Growing up in Sierra Leone, I had a childhood circumscribed by the chaos of a decade-long civil conflict. I never understood what civil conflict was — not until one bright morning, when I was just eight years old. I suddenly heard the sound of gunshots and the crackle of burning houses, and I understood we were caught between life and death.
The rebels had come to town! We heard knocks on our door ordering us to open up.
When we opened the door, the rebels came in and shot my brother. When our uncle attempted to give him first aid, the rebels shot him, in the head.
“No one should cry!” we were told; they even told my mom and older siblings to sing and hug one another, as if in a jubilant mood.
As an eight-year-old child, I saw the pain, the anguish and above all the fear in my mom’s eyes. She wanted to cry for the death of her son and for her elder brother, but if she did, she would be next.
Trying to escape the fighting, my family and I were displaced countless times, ending up in refugees camps. We often faced stark choices: join the fighting forces or lose your limbs; become a “rebel wife” or face torture. Although I lost my brother, who was my role model, and all our earthly possessions, I am grateful that I survived to tell the story.
During the war, we lost all hope. Everything in the country was shut down: there were no schools, no businesses, there was nowhere to run or hide. That was the darkest part of our history as a nation; all hopes were gone, and dreams were lost.
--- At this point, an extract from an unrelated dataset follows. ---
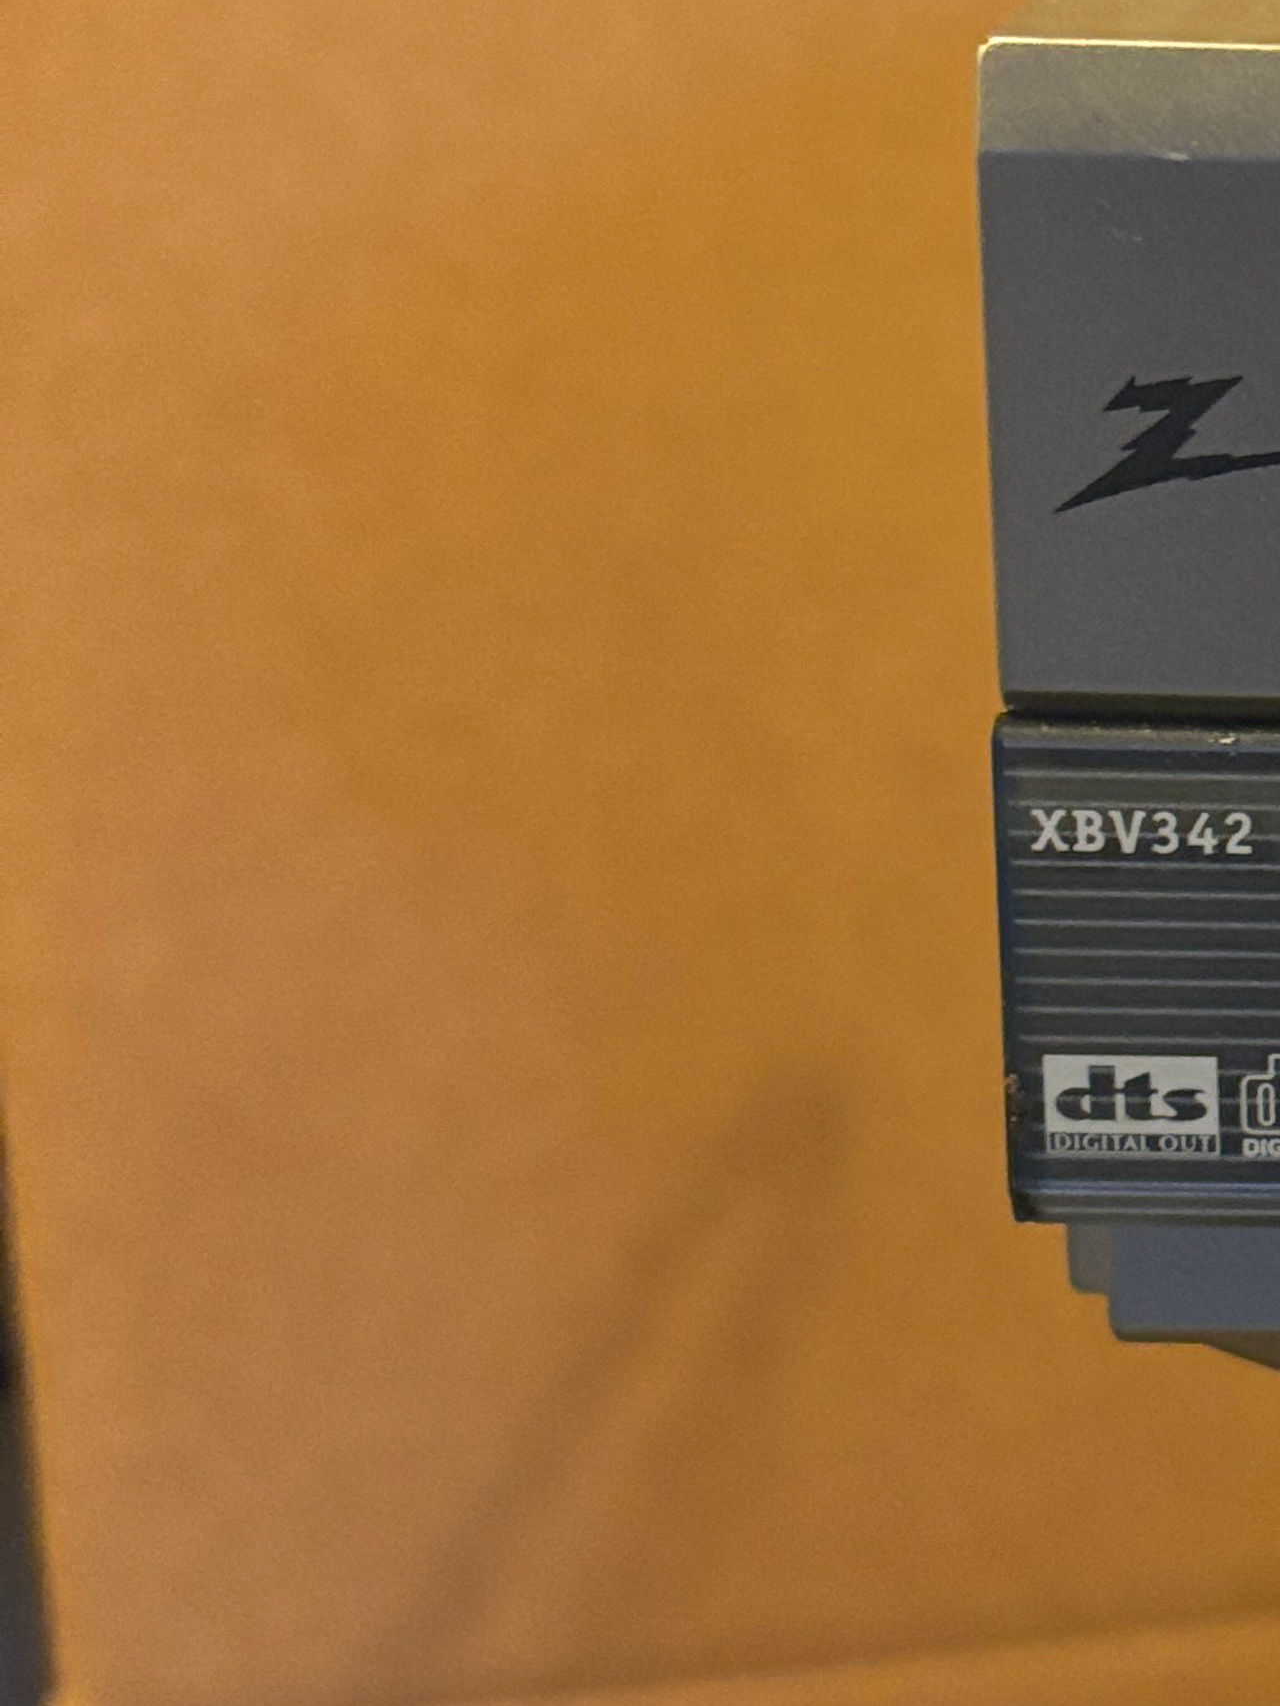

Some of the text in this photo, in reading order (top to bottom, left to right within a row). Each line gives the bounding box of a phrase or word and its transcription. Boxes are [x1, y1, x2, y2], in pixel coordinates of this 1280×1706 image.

The experience of the war, which finally ended in 2002, changed my life forever. But it did not kill my dreams; rather, it transformed them into the desire to give voice to the voiceless, to fight for women’s rights, children’s rights and the empowerment of young people, the desire to learn more about the root causes of conflicts and more about viable strategies for building a peaceful and just society.
I became a founding member of The Children’s Forum Network, the country’s first organization for children. The organization gave hope to us children, whose physical and psychological scars were unimaginable. We advocated for ourselves, for our own rights.
My transition to the United States was not easy. Settling in a country where I had not got my law degree turned out to be one of the biggest challenges in my life. To me, a practical solution was to go back to school.
I learned that Northeastern was named the best practical law school in the U.S. and one of the best human rights schools in the country. I looked at the global makeup of the staff, the alumni, student body, and faculty, and I said to myself, this will prove invaluable for my career objectives.
And definitely, Northeastern has delivered on all their promises. The learning environment at Northeastern has been supportive, flexible and relevant for us all.
Fellow graduates, the world await us! We can now use the skills and knowledge we have obtained from the privilege of studying at Northeastern with a sense of pride, motivation and determination.
The world needs us in the arena; there are problems that need to be solved, injustices that need to be ended, to make the world a better place.
As for me, fighting for social justice will always be part of my journey. I want to create change in the lives of voiceless women, of war-ravaged children, and marginalized young people on every continent, whose social, economic and political exclusion is, I have now come to believe, one of the major reasons for conflict in the world.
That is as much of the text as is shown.